New Zealand Journal of Ecology (1999) 23(2): 267- 273

Poisoning mammalian pests can have unintended consequences for future control: Two case studies

Research Article
G. J. Hickling 1
R. J. Henderson 2
M. C. C. Thomas 1
  1. Soil, Plant and Ecological Science Division, P.O. Box 84, Lincoln University, Canterbury, New Zealand
  2. Landcare Research, P.O. Box 69, Lincoln, Canterbury, New Zealand

Vertebrate pest control operations using toxic baits can have unintended consequences for nontarget species. some of which may themselves be pests. Learned avoidance behaviour (termed 'aversion') can be induced by sublethal dosing, which can arise when species with high and low susceptibilities to a toxin co- exist in the same area. In such cases the less-susceptible species (e.g., possums Trichosurus vulpecula) may be sublethally poisoned by control work targeting the more- susceptible species (e.g., rabbits Oryctolagus cuniculus). A case study of rabbit control on North Canterbury farmland is presented to demonstrate this effect. When control is being rePeated at frequent intervals, it is prudent to vary the control methods used.
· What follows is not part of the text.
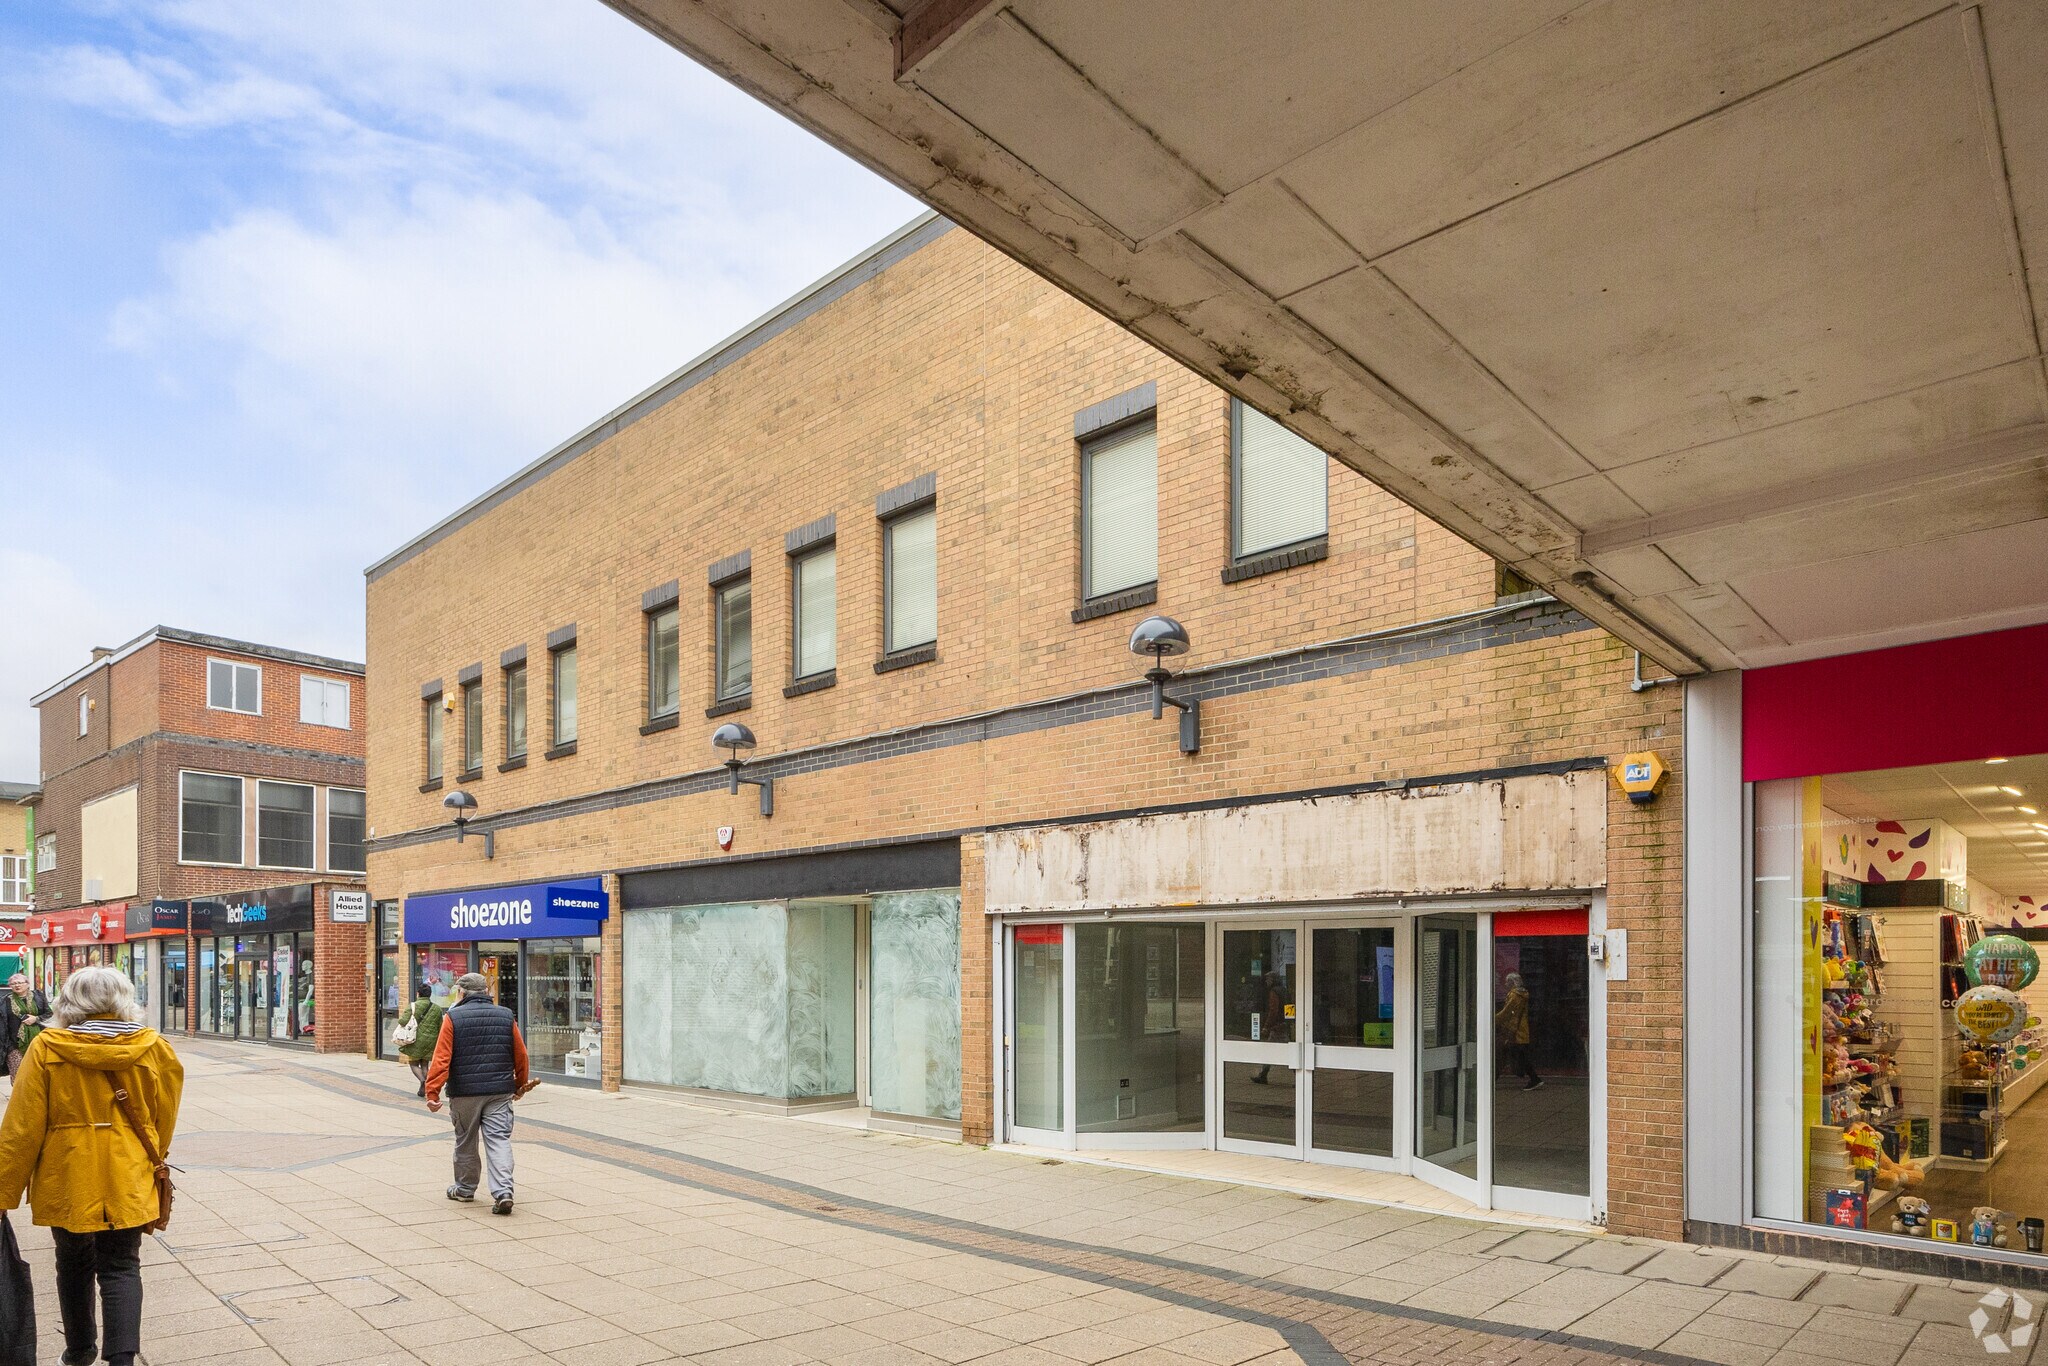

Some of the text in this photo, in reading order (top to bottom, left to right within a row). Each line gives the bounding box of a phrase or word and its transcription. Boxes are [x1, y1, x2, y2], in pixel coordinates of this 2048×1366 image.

Nevertheless, aversion induced by the use of one toxic bait (e.g., cyanide paste) can in some situations 'generalise' so that the efficacy of control using other toxins (e.g., 1080 and cholecalciferol in cereal baits) is also compromised. A case study of initial and follow-up possum control in four discrete areas of Canterbury forest provides an example of this problem. The implications of these findings for future pest management in New Zealand are discussed.